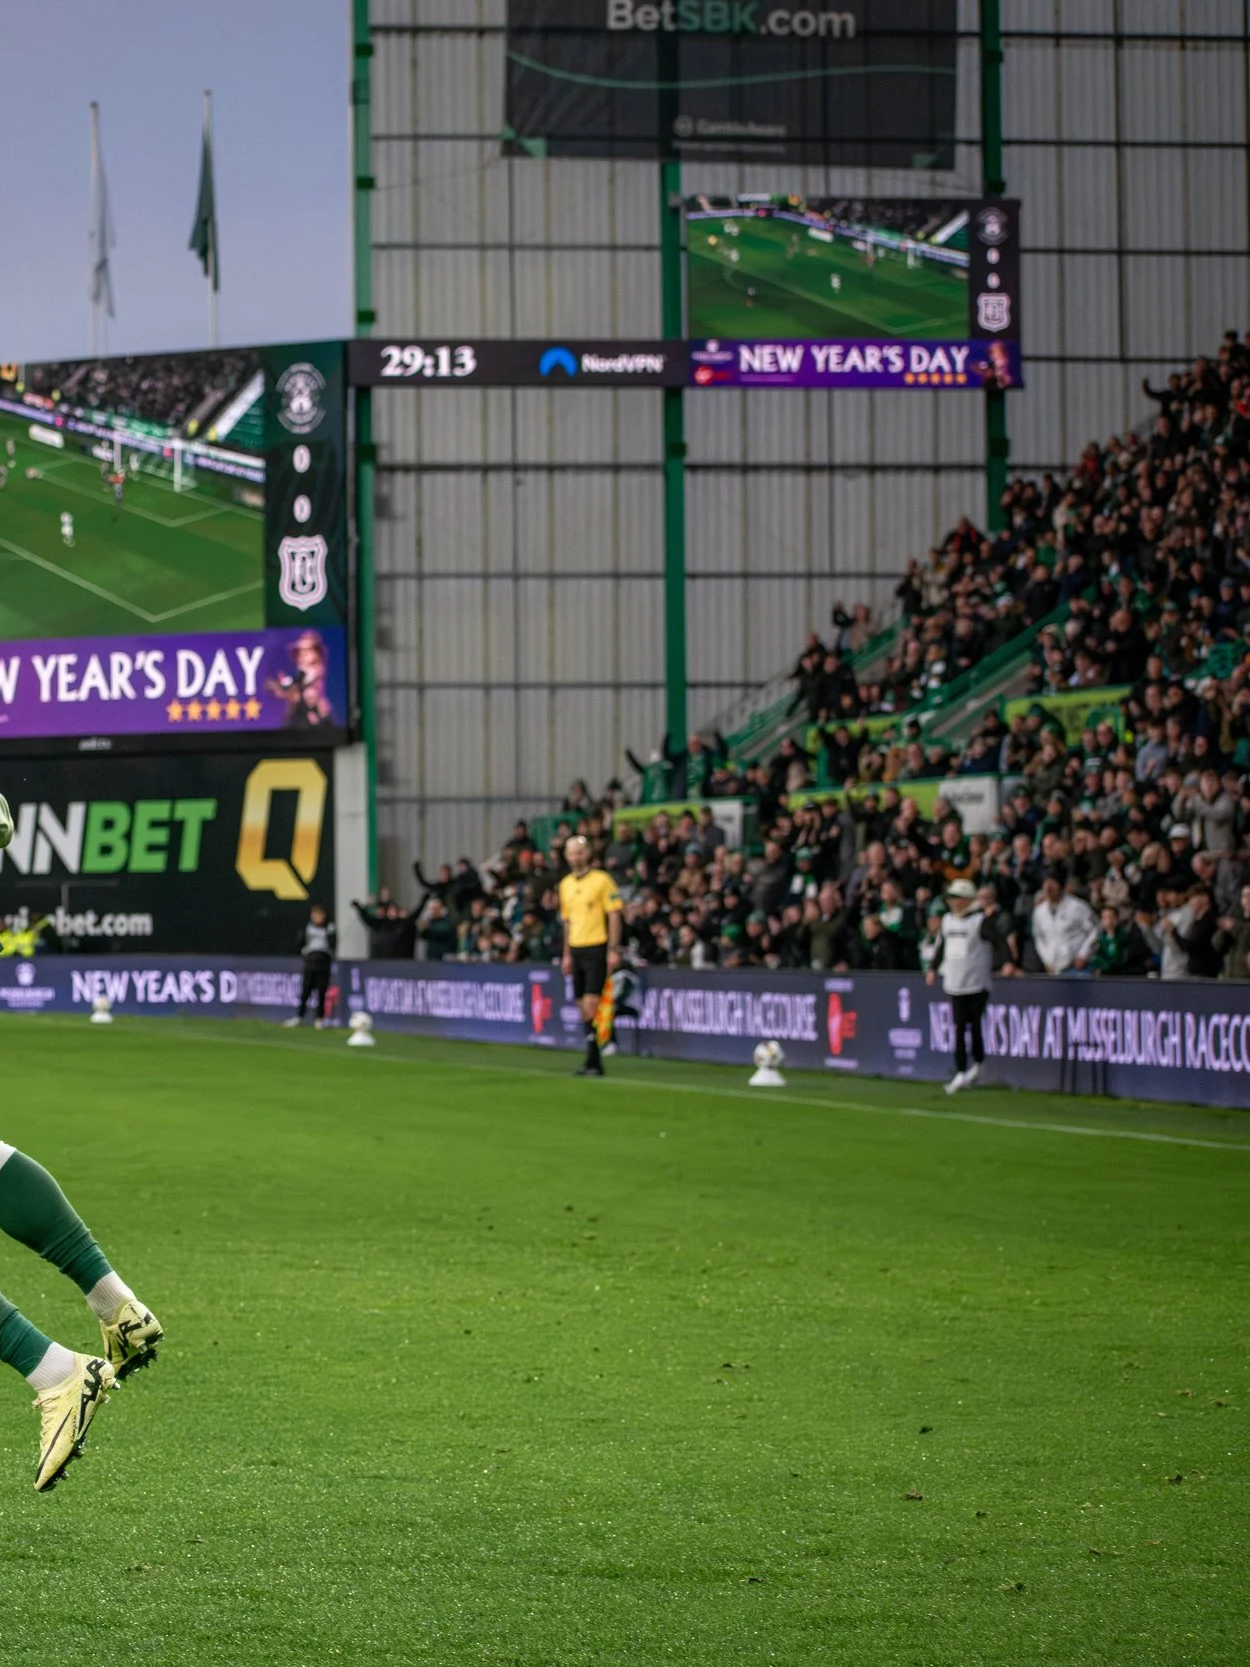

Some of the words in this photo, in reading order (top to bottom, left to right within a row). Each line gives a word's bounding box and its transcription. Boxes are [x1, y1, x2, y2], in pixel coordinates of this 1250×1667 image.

[607, 0, 856, 38] BetSBK.com
[380, 345, 477, 377] 29:13
[739, 345, 804, 373] NEW
[810, 345, 904, 373] YEAR'S
[910, 346, 970, 373] DAY
[293, 444, 312, 474] 0
[293, 494, 312, 523] 0
[30, 651, 166, 702] YEAR'S
[176, 646, 265, 697] DAY
[235, 758, 328, 900] Q
[71, 970, 130, 1003] NEW
[131, 970, 215, 1003] YEAR'S
[1009, 1004, 1042, 1058] DAY
[1043, 1005, 1065, 1060] AT
[1066, 1006, 1182, 1068] MUSSELBURGH
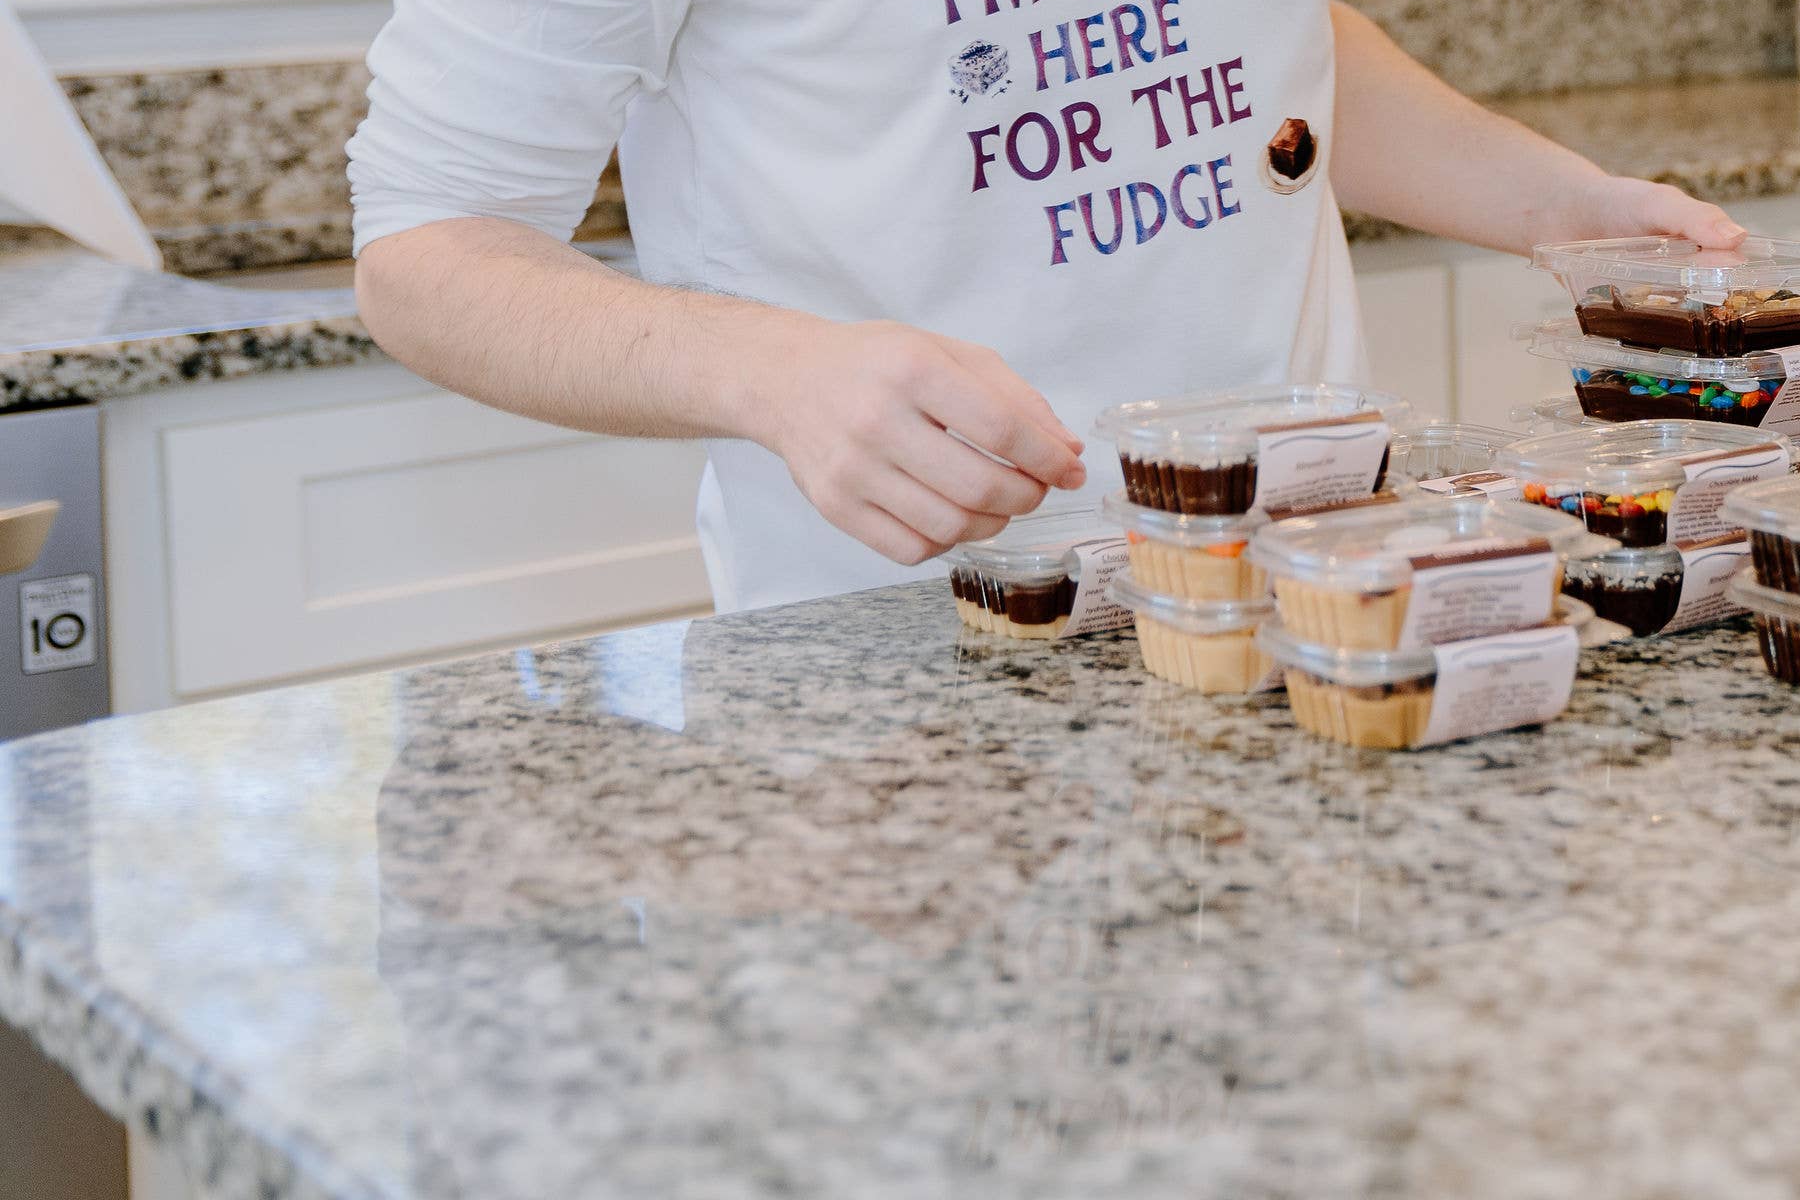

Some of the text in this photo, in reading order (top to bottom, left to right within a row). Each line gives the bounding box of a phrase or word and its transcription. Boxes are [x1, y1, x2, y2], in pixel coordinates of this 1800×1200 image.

[966, 56, 1253, 193] FOR THE
[1042, 153, 1242, 266] FUDGE
-----
● **Exercise details**: Print each record exactly as it stands, leaving the images out.

● **Answer to the exercise**:
Some of the words in this photo, in reading order (top to bottom, left to right within a row). Each line gives a word's bounding box and its transcription. Boxes are [x1, y1, x2, y2], in pixel coordinates of this 1250×1667 image.

[607, 0, 856, 38] BetSBK.com
[380, 345, 477, 377] 29:13
[739, 345, 804, 373] NEW
[810, 345, 904, 373] YEAR'S
[910, 346, 970, 373] DAY
[293, 444, 312, 474] 0
[293, 494, 312, 523] 0
[30, 651, 166, 702] YEAR'S
[176, 646, 265, 697] DAY
[235, 758, 328, 900] Q
[71, 970, 130, 1003] NEW
[131, 970, 215, 1003] YEAR'S
[1009, 1004, 1042, 1058] DAY
[1043, 1005, 1065, 1060] AT
[1066, 1006, 1182, 1068] MUSSELBURGH

Some of the text in this photo, in reading order (top to bottom, left to right within a row). Each line gives the bounding box of a phrase or word and its transcription. Boxes are [x1, y1, x2, y2], in pixel coordinates of this 1800×1200 image.

[966, 56, 1253, 193] FOR THE
[1042, 153, 1242, 266] FUDGE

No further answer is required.